Christine Lagarde speaks at the IMF 2014 meeting in Washington. Photo: IMF Staff Photograph/Stephen Jaffe
Want to reduce inequality? New IMF research says unionisation is key
Through gritted teeth, the International Monetary Fund (IMF) has this week issued a ‘staff discussion note’ which contains a bit of a bombshell. The ballooning inequality that results from rampaging top people’s pay is not, as previously thought, an unfortunate by-product of technological process or increasing world trade. At least forty percent of the increase in bosses’ pay is down to the decline in union influence. And a further increase in inequality results from reductions in the level of minimum wages. Who could have guessed it?
The IMF staff are quick to point out that this doesn’t mean they support blanket measures to increase unionisation, promote collective bargaining or raise minimum wages. They say that decisions need to be taken on a country by country basis to avoid such measures increasing unemployment (I’ve blogged about what could be done to forestall that on Stronger Unions.) But the message is nonetheless pretty clear. The researchers find that higher union density is particularly linked to a more equal distribution of net incomes, indicating union’s strong impact on redistributive policies. According to their results the decline of union density explains on average 40 percent of the increase of the top 10 percent income share over the period under consideration (broadly, 1980-2010.) And it’s worth remembering that the IMF considers such inequality to be a pretty bad thing.
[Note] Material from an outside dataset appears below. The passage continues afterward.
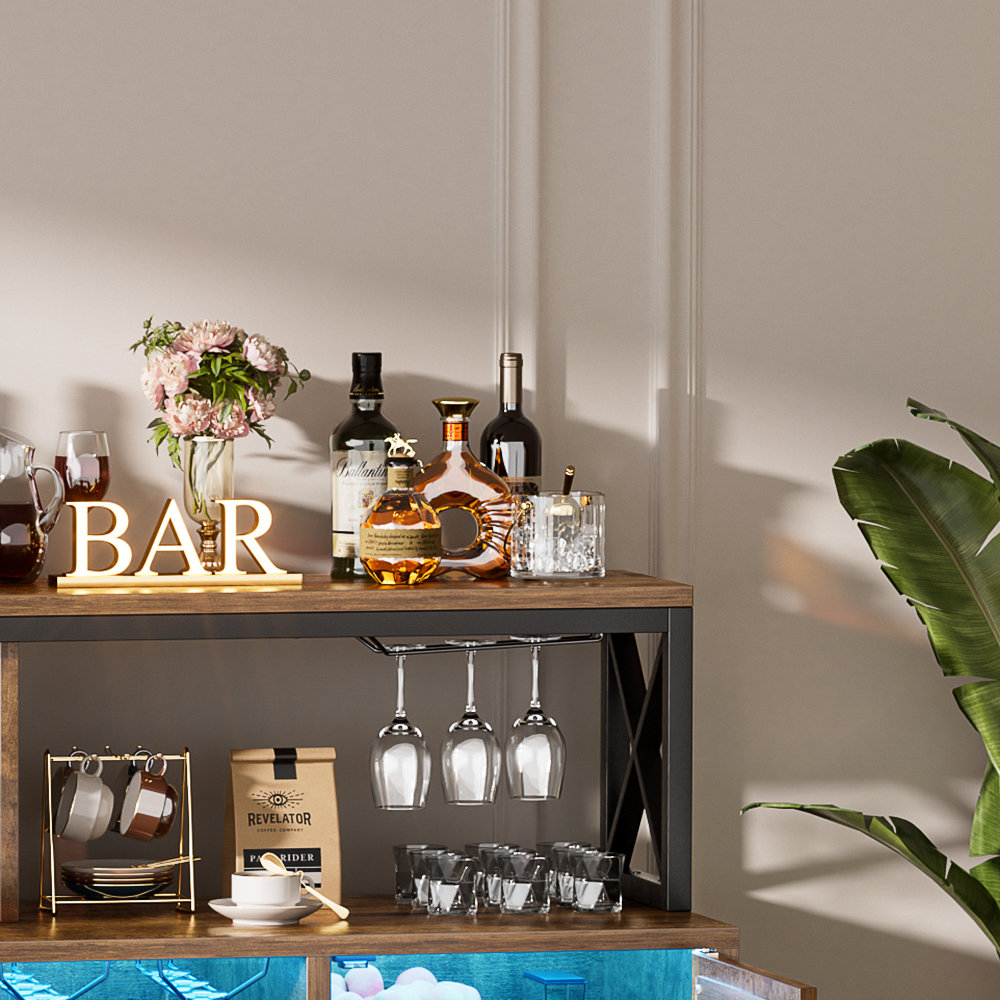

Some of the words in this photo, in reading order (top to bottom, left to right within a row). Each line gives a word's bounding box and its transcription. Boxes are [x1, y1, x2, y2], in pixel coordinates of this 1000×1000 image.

There are two key ways in which lower union density has allowed top people’s remuneration to leap ahead of the rest of the workforce. Firstly, and obviously to anyone but an economist, if unions are less able to secure wage rises for the mass of the workforce, there is more left over for the people at the top. Wage restraint for one group of stakeholders in a company means a blowout for the people at the top – again, who’d have thunk it?
Secondly, although much more difficult to quantify, the researchers accept that weaker unions mean that the political pressure for more redistributive action – such as progressive taxation, stronger public services, higher benefits for the unemployed and disabled and so on – is reduced. Rich people get to keep more of their income because unions are less able to press governments to take it and use it for measures which benefit the mass of the people.
One of the two authors of the paper, Florence Jaumotte, said in an interview at the end of last week that:
“We find that the decline in unionization is strongly associated with the rise of the income share of the top 10 percent of earners (to the detriment of middle- and low-income workers) in advanced economies. This holds even after controlling for other established determinants of inequality, such as technological progress, globalization, political and social factors, financial deregulation, and declining top marginal tax rates.
“Moreover, the weakening of unions appears to be associated with less income redistribution, likely through a reduced influence of unions on public policy. Although causality is always difficult to establish, the decline in unionization appears to explain about half of the observed increase in top income shares and in the Gini of net income (a summary statistic that gauges the average difference in income between any two individuals from the income distribution).
“In some countries, the erosion of minimum wages (relative to median wages) is also correlated with considerable increases in overall inequality.”
It took the IMF four months to get round to releasing this paper (originally trailled in a magazine article back in March) and a cynic might suggest that it has been held back until after the Greek bailout was agreed, including measures that will clearly – on the basis of this research – increase inequality by weakening unions and collective bargaining still further. The fact that its release coincides with the beginning of the northern hemisphere holiday season may also be deliberate.
But the message is pretty clear. It’s not changes in labour market structure, or economic progress, that leads to ballooning, and damaging, inequality. It’s attacks on unions. Ironic, then, that this comes out a week after the Conservative Government unveiled yet more attacks on us!